Al pensarlo en frío, creo que la clave para este cambio viene de un poco más atrás, la tenía delante desde el principio… y no me di ni cuenta. Recuerdo que nada más llegar a Portoviejo, hna Marbelys nos preguntaba si ya estábamos aquí de cuerpo, mente y corazón, o si aún solo lo estábamos de cuerpo. Es ahí, en el ESTAR, donde se halla la llave para activar este click que cambia a la persona y la hace brillar.
Querido lector, si algo he podido aprender es que aquí hay que venir con la mente abierta para acoger cualquier cosa que te puedas encontrar. No te engaño, esto se hace a base de golpes de realidad. Por mi parte, en mitad del desborde que supone nuestra rutina, siento que voy dejando un poco atrás esa eficacia tan eurocentrista para disfrutar del ahora y de “bien-gastar” mi tiempo en cuidar el tú a tú con el otro. ¿Para qué tanto correr si lo importante lo tienes justo delante de ti?
Además, para este viaje también necesitas un corazón que esté listo para querer desde el servicio; pues es este cuidar y dejarse cuidar lo que siento que me va ablandando, me va humanizando y me permite sentirme tan querida a la vez que querer al otro de una manera honesta. Soy consciente de que ahora puede que todo esto te suene un tanto idílico, pero una cosa te digo, ¡ya me agradecerás estas pistas si algún día tienes mi suerte y acabas un tiempo por aquí!
Volviendo a lo concreto, sin dar más rodeos, si me preguntas cual ha sido el verbo que mejor resume esta semana, sin dudarlo te contestaría CELEBRAR. Aquí las celebraciones son muy importantes y cualquier excusa es buena para organizar una; además, se cuida hasta el más mínimo detalle haciendo sentir al protagonista tremendamente valorado y querido en su día. Me enseña de nuevo a cuidar ese cariño de tú a tú del que te hablaba, en el que una vez más se me hace muy presente el Señor.

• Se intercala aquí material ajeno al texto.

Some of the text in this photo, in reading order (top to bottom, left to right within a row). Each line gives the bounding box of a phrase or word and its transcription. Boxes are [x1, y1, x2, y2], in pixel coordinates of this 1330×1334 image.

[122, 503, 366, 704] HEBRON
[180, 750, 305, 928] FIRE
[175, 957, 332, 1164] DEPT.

Las celebraciones se viven con los cinco sentidos: apreciando los coloridos decorados que se hacen cuidando hasta el más mínimo detalle pensado expresamente para el protagonista; disfrutando conversaciones, canciones e innumerables risas; sintiendo el baile y los abrazos de los demás y como no, deleitando el gusto y el olfato (mis favoritos, lo confieso) con tortas (tartas), bolones de maduro (bollos de plátano)…

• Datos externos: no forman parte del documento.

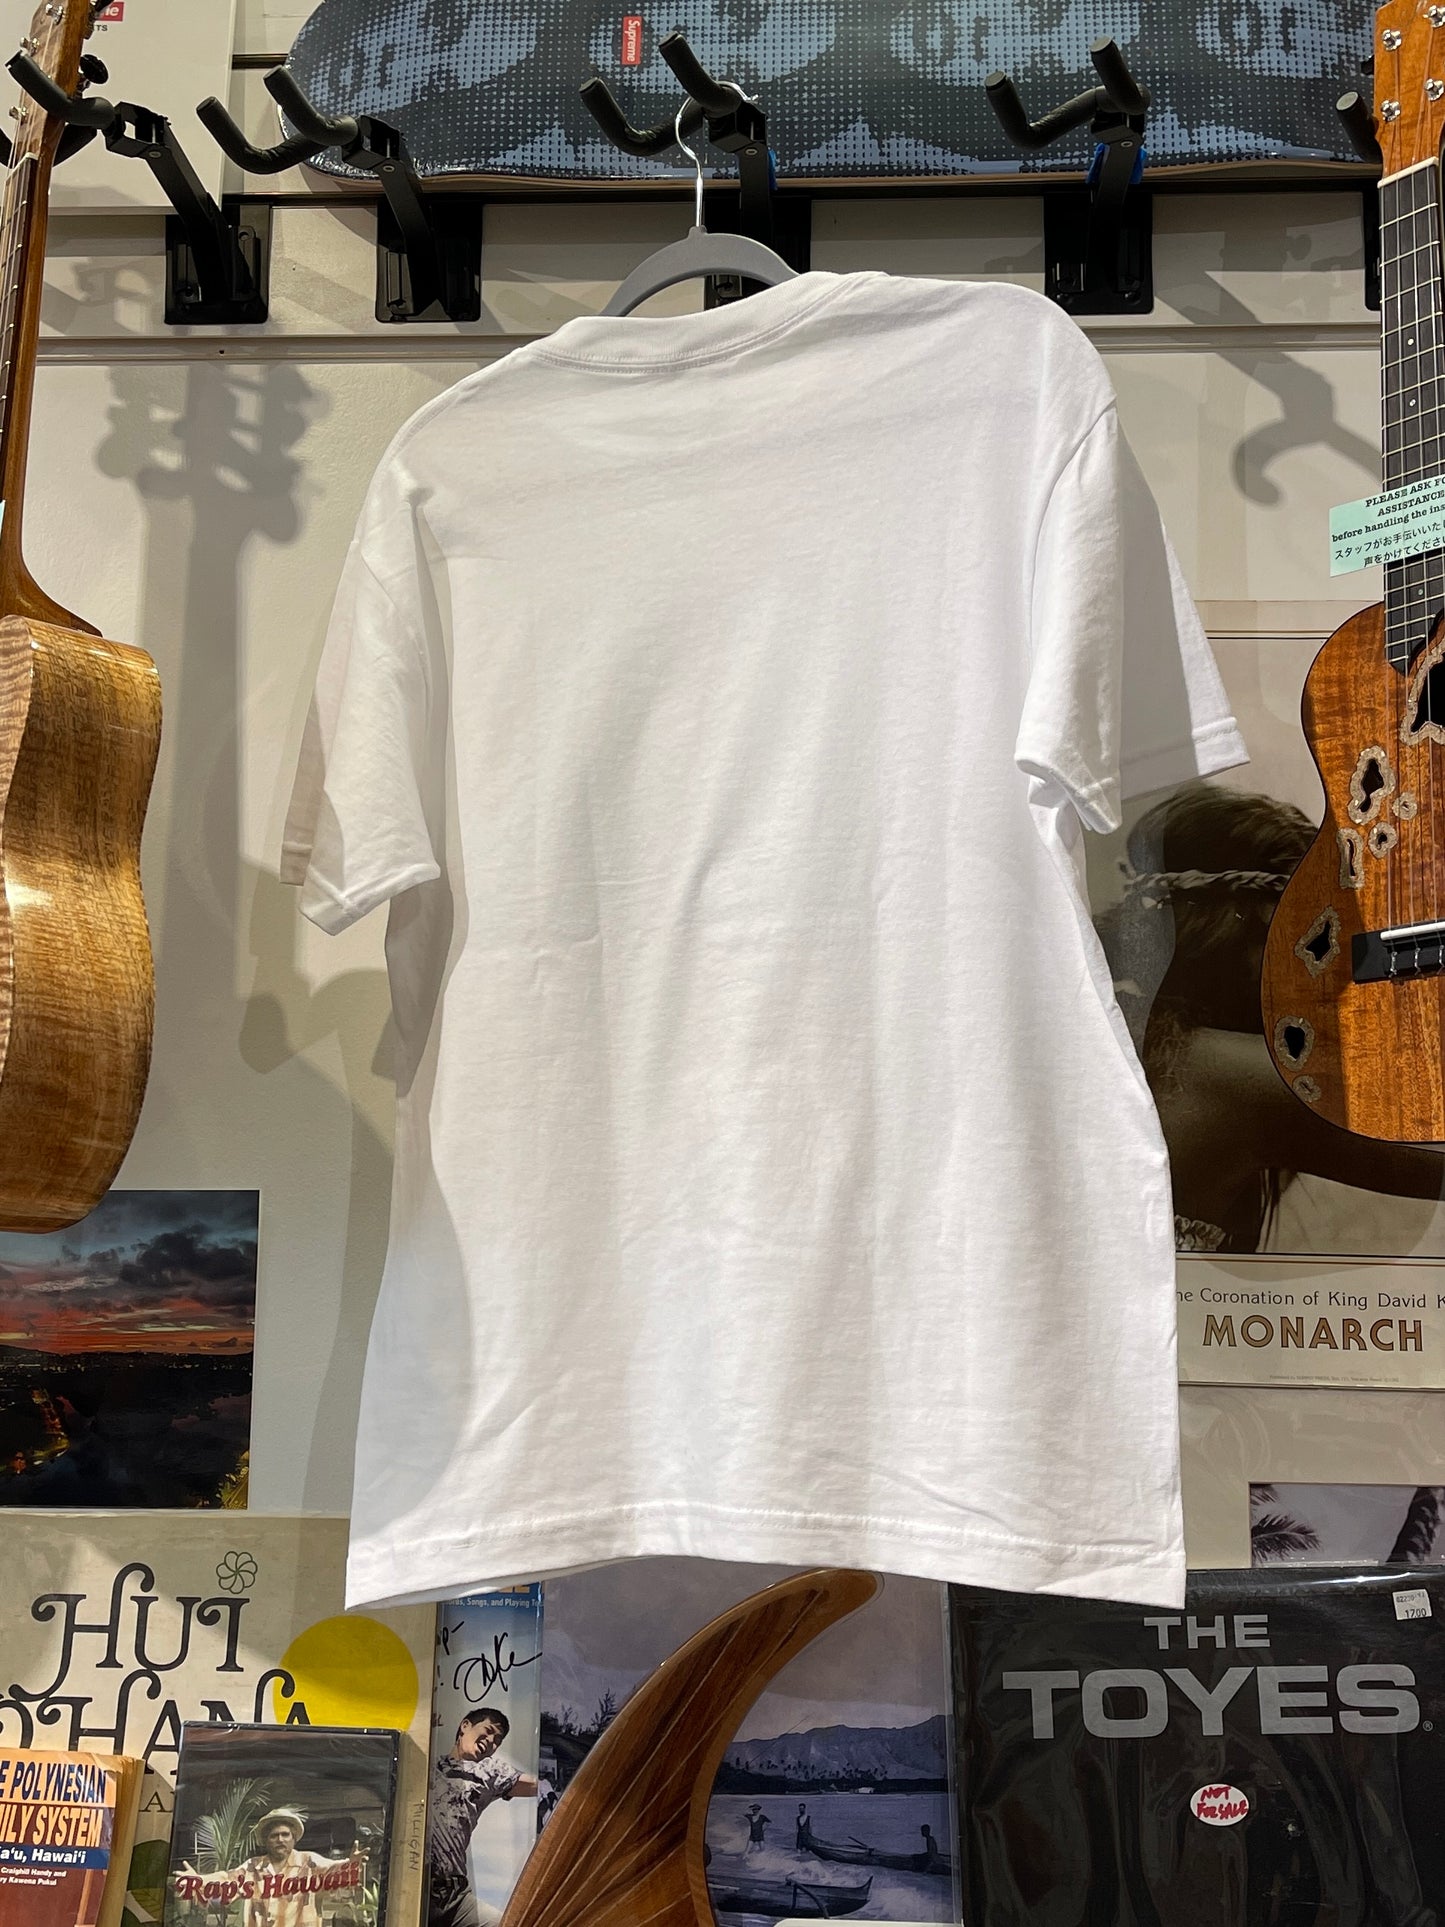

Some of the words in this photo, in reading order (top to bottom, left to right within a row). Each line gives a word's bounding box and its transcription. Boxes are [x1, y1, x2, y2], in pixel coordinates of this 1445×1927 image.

[626, 19, 641, 62] Supreme
[1365, 488, 1408, 507] PLEASE
[1409, 480, 1432, 495] ASK
[1377, 489, 1445, 517] ASSISTANCE
[1332, 528, 1363, 543] before
[1364, 513, 1410, 533] handling
[1411, 509, 1428, 519] the
[1199, 1287, 1295, 1306] Coronation
[1302, 1290, 1320, 1306] of
[1328, 1291, 1368, 1311] King
[1378, 1292, 1426, 1309] David
[1202, 1314, 1424, 1352] MONARCH
[504, 1598, 530, 1609] Playing
[9, 1562, 250, 1702] HUI
[1143, 1614, 1271, 1650] THE
[1002, 1664, 1421, 1740] TOYES
[9, 1761, 108, 1804] POLYNESIAN
[1200, 1786, 1232, 1802] NOT
[32, 1805, 104, 1848] SYSTEM
[408, 1803, 425, 1871] MILLIGAN
[31, 1848, 87, 1864] Hawai'i
[31, 1868, 53, 1878] Handy
[8, 1876, 37, 1885] Kawena
[174, 1872, 255, 1908] Rap's
[261, 1861, 361, 1900] Hawaii

Por último, quería contarte que hemos tenido la suerte de disfrutar con un fin de semana algo más largo, pues el viernes fue festivo, y lo hemos aprovechado muchísimo. El viernes comenzamos nuestro proyecto de pintar el muro de la escuela con los niños de básica superior, fue increíble pues se animaron más niños de los que esperábamos y el resultado no está siendo nada malo, júzgalo tú mismo.
El resto del fin de semana fue pasando por más celebraciones, esta vez con los catequistas de san Pablo, disfrutando de tardes de juegos de mesa y ratitos de seguir haciendo comunidad y piña con las hermanas de Portoviejo y entre nosotras.

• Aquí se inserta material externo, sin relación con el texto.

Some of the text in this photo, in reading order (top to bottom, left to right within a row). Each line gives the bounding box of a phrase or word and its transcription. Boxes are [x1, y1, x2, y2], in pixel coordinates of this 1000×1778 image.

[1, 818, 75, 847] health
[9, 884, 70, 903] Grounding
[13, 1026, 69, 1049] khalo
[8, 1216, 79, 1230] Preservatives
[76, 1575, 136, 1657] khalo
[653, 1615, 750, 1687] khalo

Y ya terminando, y como guinda para este pedazo de fin de semana, el sábado pasamos el día en Puerto López con un planazo que consistió nada más y nada menos que ¡¡¡En ver ballenas salvajes!!! Tuvimos la suerte de ver muchísimas y asombrarnos ante sus saltos y piruetas para coger aire. No imaginas lo grandes, elegantes y fuertes que son, ¡saltaban por los aires entre las olas! Aunque para fuertes las voces que dábamos nosotras para avisarnos unas a otras cada vez que esto ocurría.
Que todo vaya encajando y de repente haga click. La alegría del cuidado y del tú a tú. Disfrutando, compartiendo y celebrando la vida. En definitiva, una semana con mucho para agradecer y que nos ha dado fuerzas para seguir con este camino tan bonito que nos va regalando Ecuador.